– Борь, – прошу друга.
Переводит взгляд с меня на Матвея и обратно.
Жду.
«Уходи, уходи, уходи», – мысленно посылаю ему сигналы.
Сомневаясь, Боря еле заметно кивает, разворачивается и уходит в сторону нашего столика.
Выдыхаю.
Поворачиваюсь к своему неадекватному парню и собираюсь уже разнести его к чертям, но не успеваю, потому что Мот грубо хватает меня за подбородок, больно вдавливаясь в него большим пальцем.
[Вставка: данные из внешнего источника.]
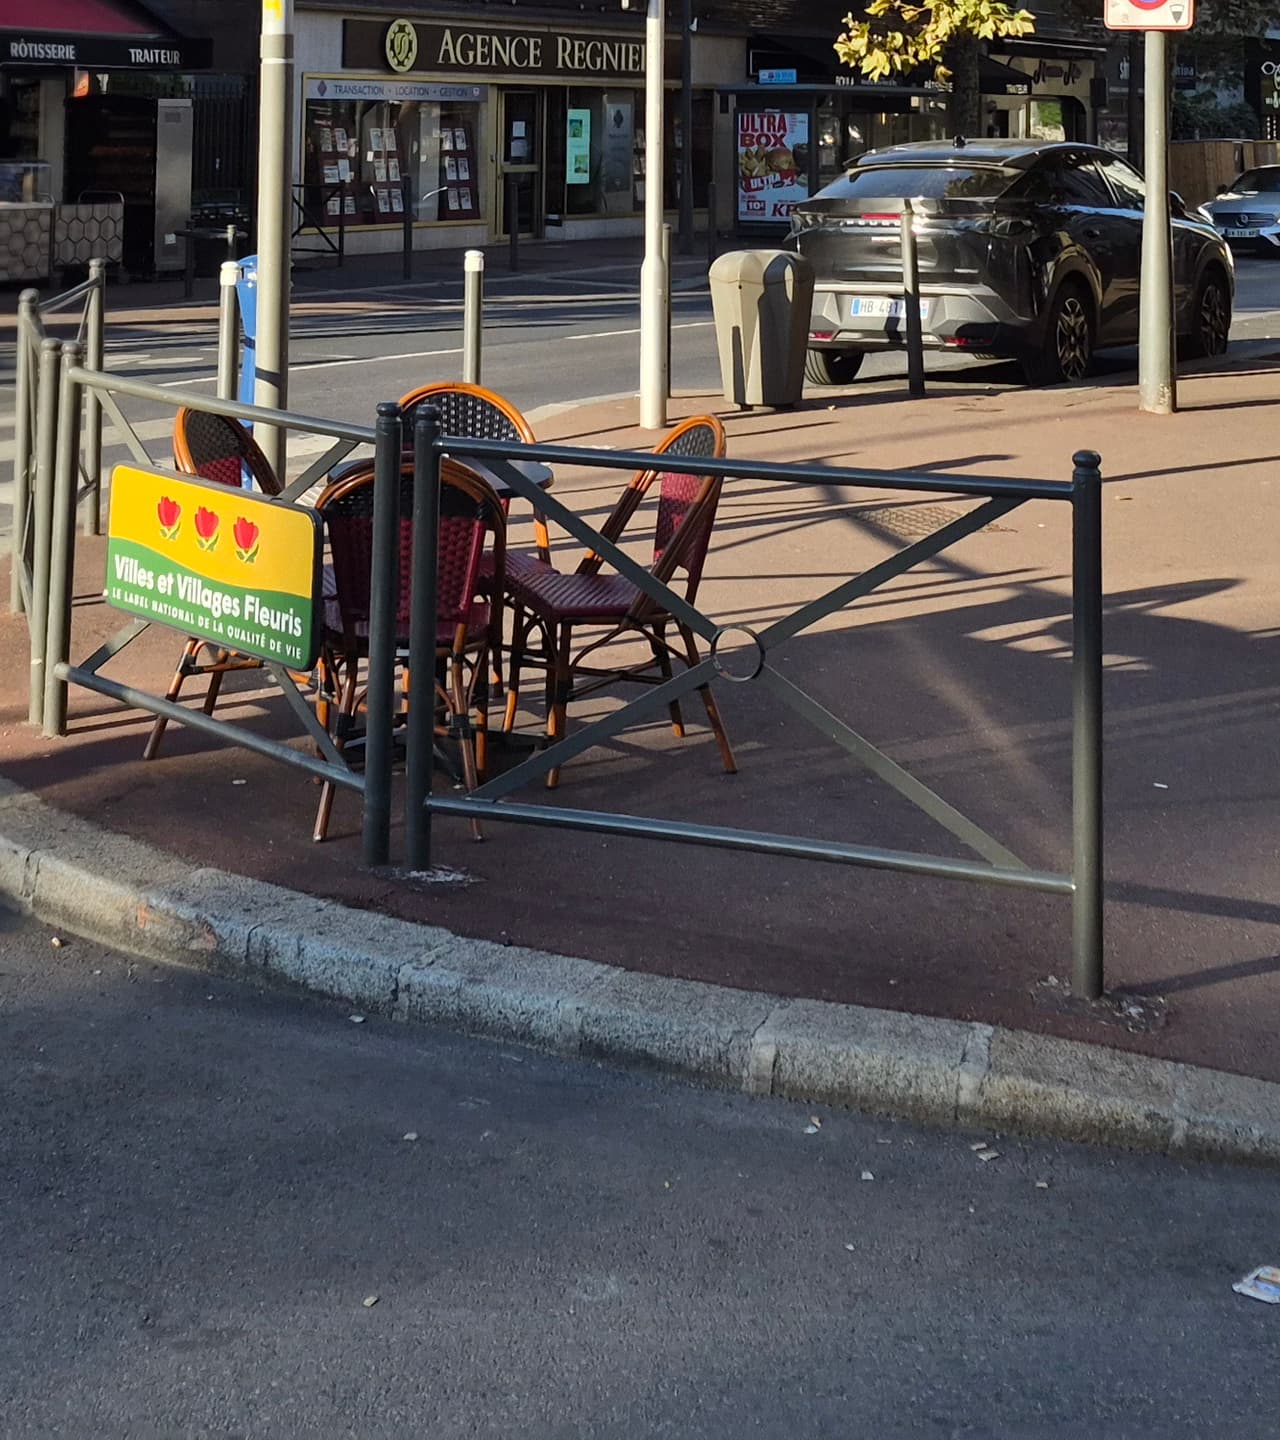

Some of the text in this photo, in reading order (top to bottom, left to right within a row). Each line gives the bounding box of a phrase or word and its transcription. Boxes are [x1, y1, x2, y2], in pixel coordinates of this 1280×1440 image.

[10, 38, 76, 60] RÔTISSERIE
[128, 47, 181, 65] TRAITEUR
[437, 28, 542, 69] AGENCE
[333, 84, 468, 98] TRANSACTION LOCATION GESTION
[740, 113, 787, 133] ULTRA
[739, 133, 787, 149] BOX
[771, 204, 797, 217] KF
[114, 554, 302, 637] Villes et Villages Fleuris
[112, 587, 302, 660] LE LABEL NATIONAL DE LA QUALITÉ DE VIE
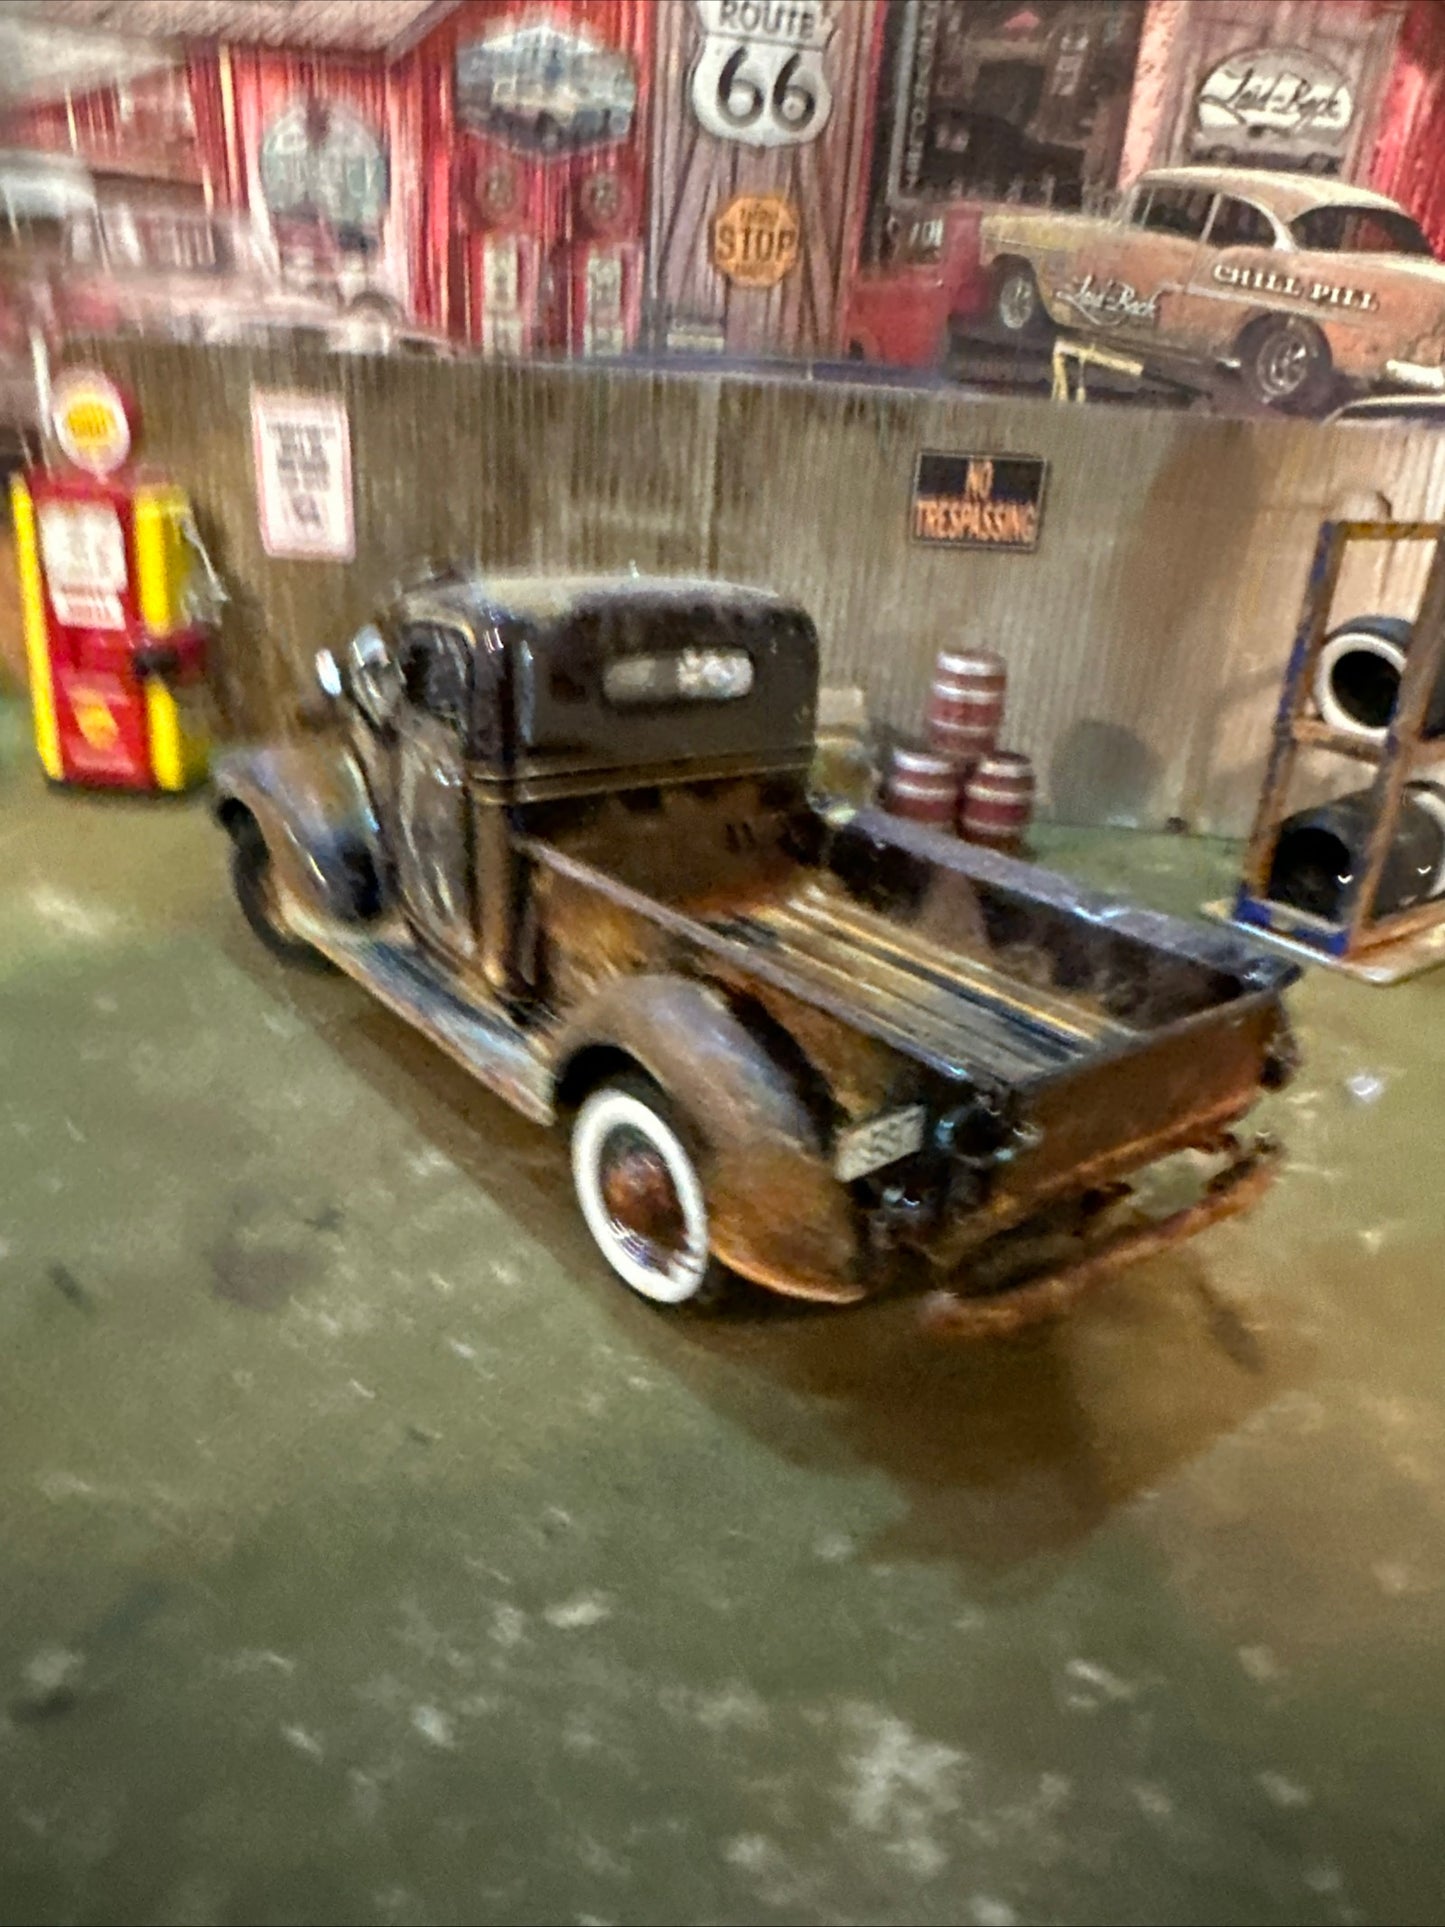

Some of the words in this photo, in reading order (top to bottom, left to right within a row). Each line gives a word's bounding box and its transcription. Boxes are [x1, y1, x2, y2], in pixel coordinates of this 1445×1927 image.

[720, 0, 815, 39] ROUTE
[717, 46, 816, 131] 66
[717, 224, 797, 261] STOP
[1213, 264, 1302, 297] CHILL
[1310, 282, 1379, 312] PILL
– Всем так открыто себя предлагаешь, да, Юляшка? – по моей спине пробегают мурашки, только не от удовольствия, а от страха. – А мне не даешь, – впивается в кожу шеи, жестко втягивая ту в рот.
Сволочь, опять оставит засос.
А у меня экзерсис в понедельник у Смелковского, который и так меня не жалует.
– Отвали, – хочу оттолкнуть Свирского, но Матвей мертвой хваткой удерживает запястье, отчего то начинает саднить.
– Куда собралась? Опять динамишь?
– Отпусти. Ты делаешь мне больно, – пытаюсь выдернуть руку, но тщетно.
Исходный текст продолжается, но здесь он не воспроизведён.